Il désignait le guide toujours sur sa corniche. Il avait les pieds dans le vide, qui pendaient ainsi chaussés de tongs. Andréa s’était mis à genoux sous le regard ahuri de l’obèse. Il prenait Athénée à témoin.
— Vois ! Vois donc ces 2 merveilles ! Exactement celles du saint de l’Angelico ! Les mêmes pieds, charnus, un peu velus, rosés, parfaits… C’est trop beau ! Ils étaient ici ! Les pieds du Bonheur nous tendaient les mains ! Tu te rends compte ! Le Sort savait ce qu’il faisait à nous retenir en France ! Oh ! Les pieds pour Z… On ne va pas rentrer bredouille, Athénée ! Ah non, pas bredouille du tout…
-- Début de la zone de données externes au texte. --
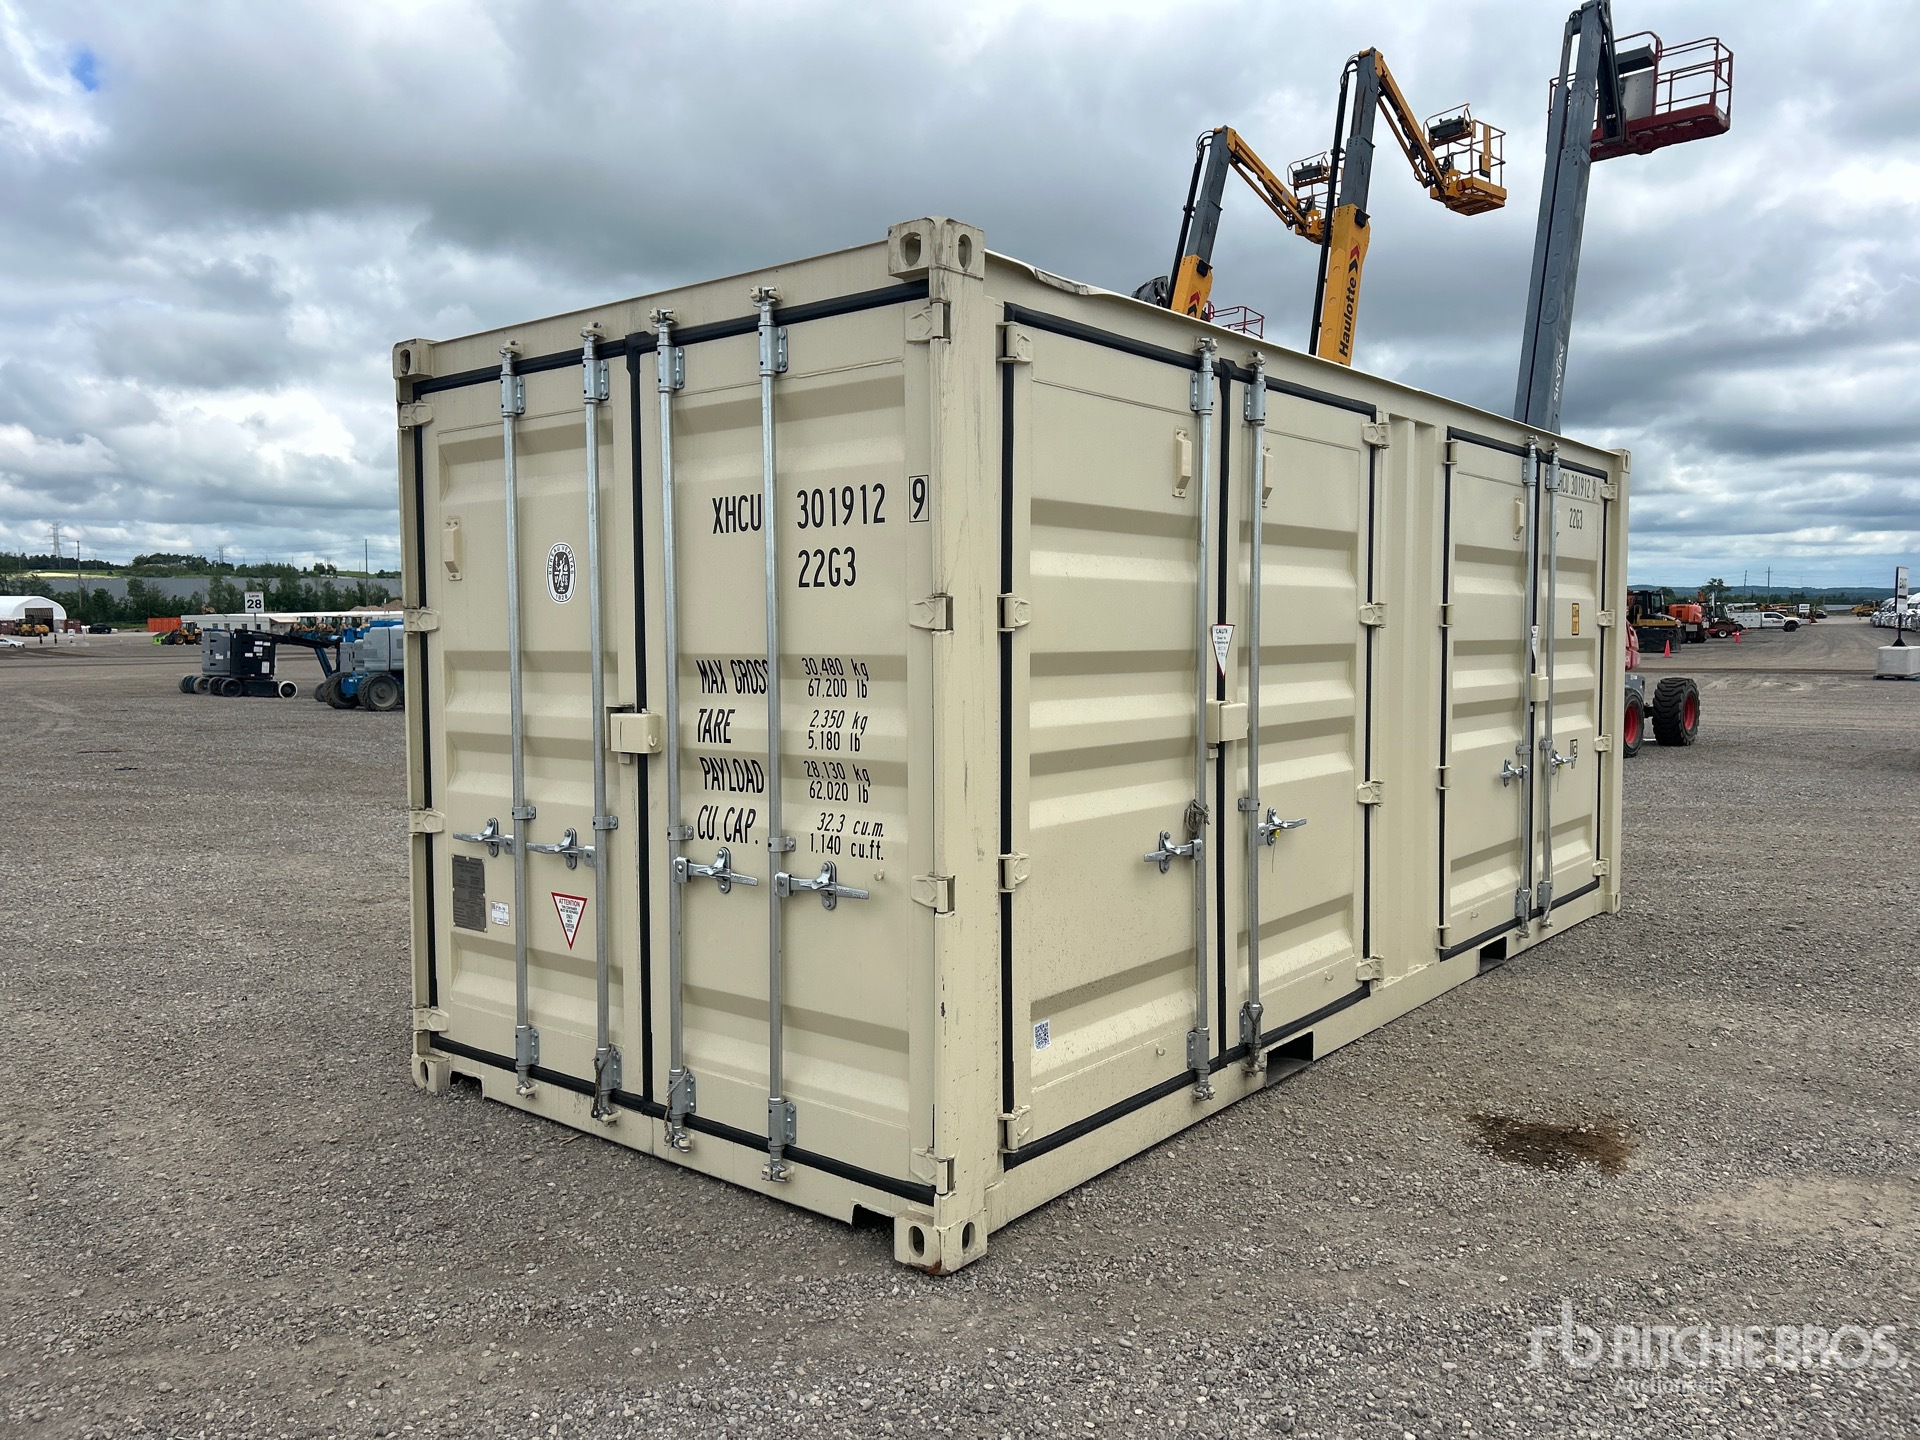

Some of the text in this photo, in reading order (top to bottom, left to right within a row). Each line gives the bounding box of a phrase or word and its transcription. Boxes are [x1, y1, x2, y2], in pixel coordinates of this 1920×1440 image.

[1339, 276, 1357, 357] Haulotte
[1558, 472, 1570, 494] HCU
[1571, 474, 1591, 498] 301912
[712, 478, 926, 534] XHCU 301912 9
[1569, 508, 1583, 530] 22G3
[798, 546, 856, 588] 22G3
[247, 599, 262, 609] 28
[696, 659, 727, 694] MAX
[801, 657, 869, 682] 30,480 kg
[808, 678, 868, 699] 67,200 lb
[697, 708, 736, 744] TARE
[809, 709, 868, 735] 2,350 kg
[808, 730, 861, 752] 5,180 lb
[699, 756, 764, 793] PAYLOAD
[852, 764, 871, 787] kg
[809, 780, 869, 804] 62,020 lb
[816, 812, 846, 833] 32.3
[810, 832, 841, 856] 1,140
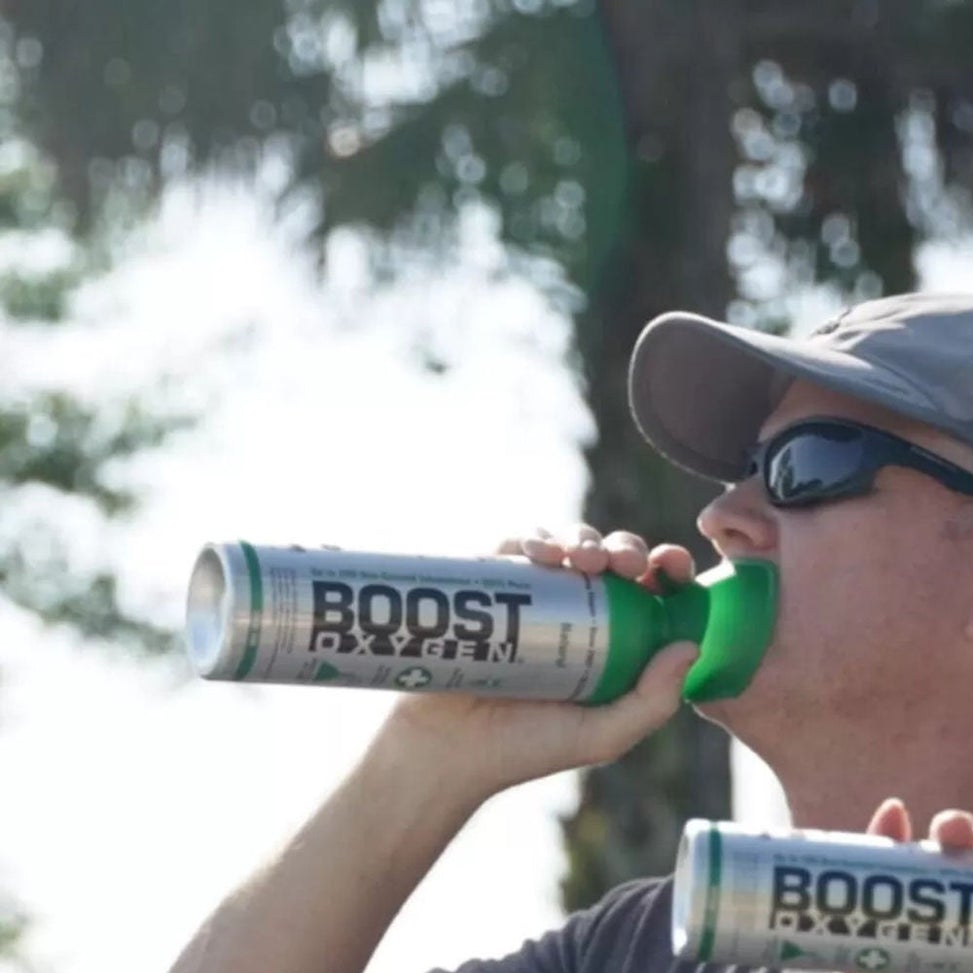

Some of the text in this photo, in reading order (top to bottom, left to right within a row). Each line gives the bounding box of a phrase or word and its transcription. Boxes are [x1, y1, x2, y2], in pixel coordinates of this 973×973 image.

[311, 580, 533, 646] BOOST
[312, 631, 518, 664] OXYGEN
[770, 911, 973, 947] OXYGEN
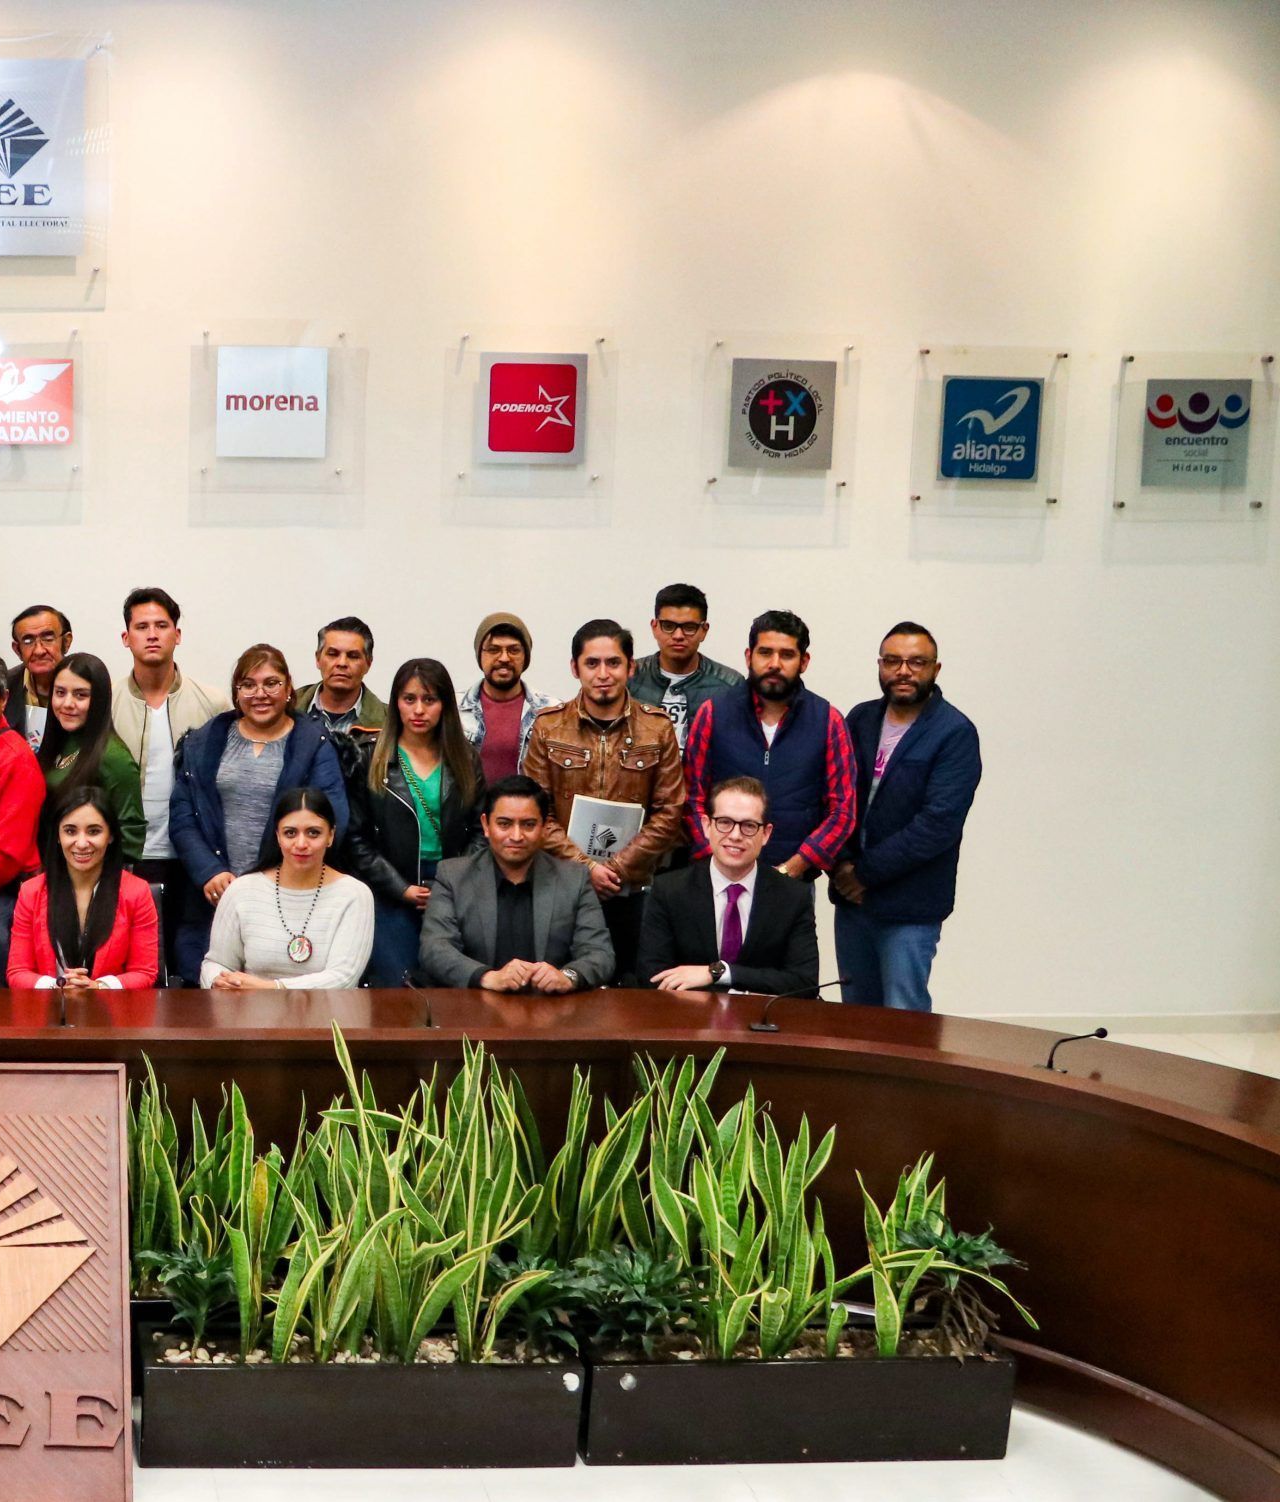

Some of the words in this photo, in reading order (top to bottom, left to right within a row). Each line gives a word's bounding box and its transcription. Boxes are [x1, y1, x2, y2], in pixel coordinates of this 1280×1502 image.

[225, 393, 319, 412] morena
[741, 378, 766, 416] PARTIDO
[808, 384, 824, 415] LOCAL
[491, 403, 553, 414] PODEMOS
[998, 435, 1026, 443] nueva
[1164, 436, 1229, 446] encuentro
[762, 448, 781, 459] POR
[784, 433, 818, 459] HIDALGO
[952, 439, 1026, 461] alianza
[968, 463, 1007, 476] Hidalgo
[1172, 463, 1218, 474] Hidalgo
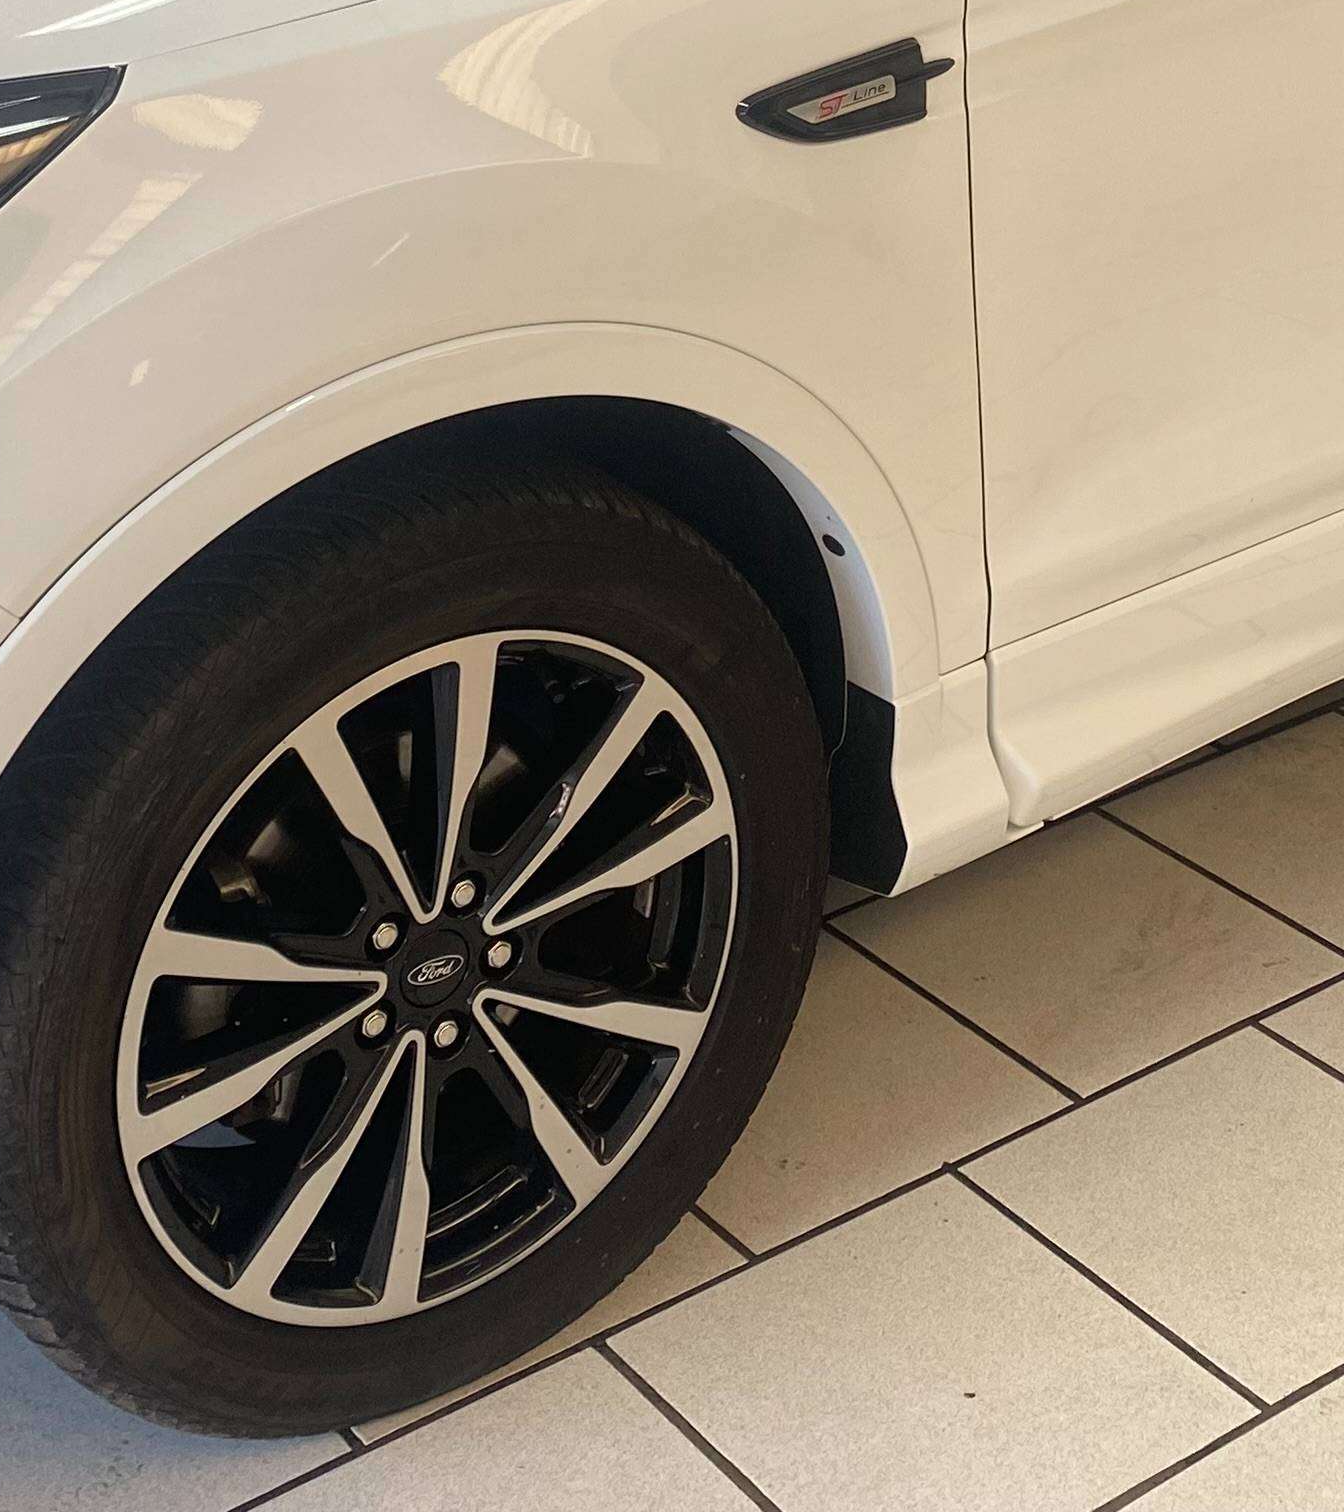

Le guide poussait des soupirs d’interrogation. La muse lui résuma la situation alors que le peintre fouillait déjà dans son Idée chercher son matériel…
— Surtout ne bougez pas, chère providence ! dit-il au gros en ramenant un carton, ouvrant sa boîte de sanguines.
— Est-ce que je peux seulement vous demander d’enlever vos souliers ?… Merci.
— Je ne bouge pas, je ne bouge pas…, assurait le guide qui de bonne grâce se prêtait aux fantaisies mouvementées de ce fada…
Debout, le tenant comme une tablette de Lois, Andréa incendia le subjectile d’un trait sanglant. Bocumar, le cœur gros de bonheur, en exaltance totale ne cessait de rire rageusement.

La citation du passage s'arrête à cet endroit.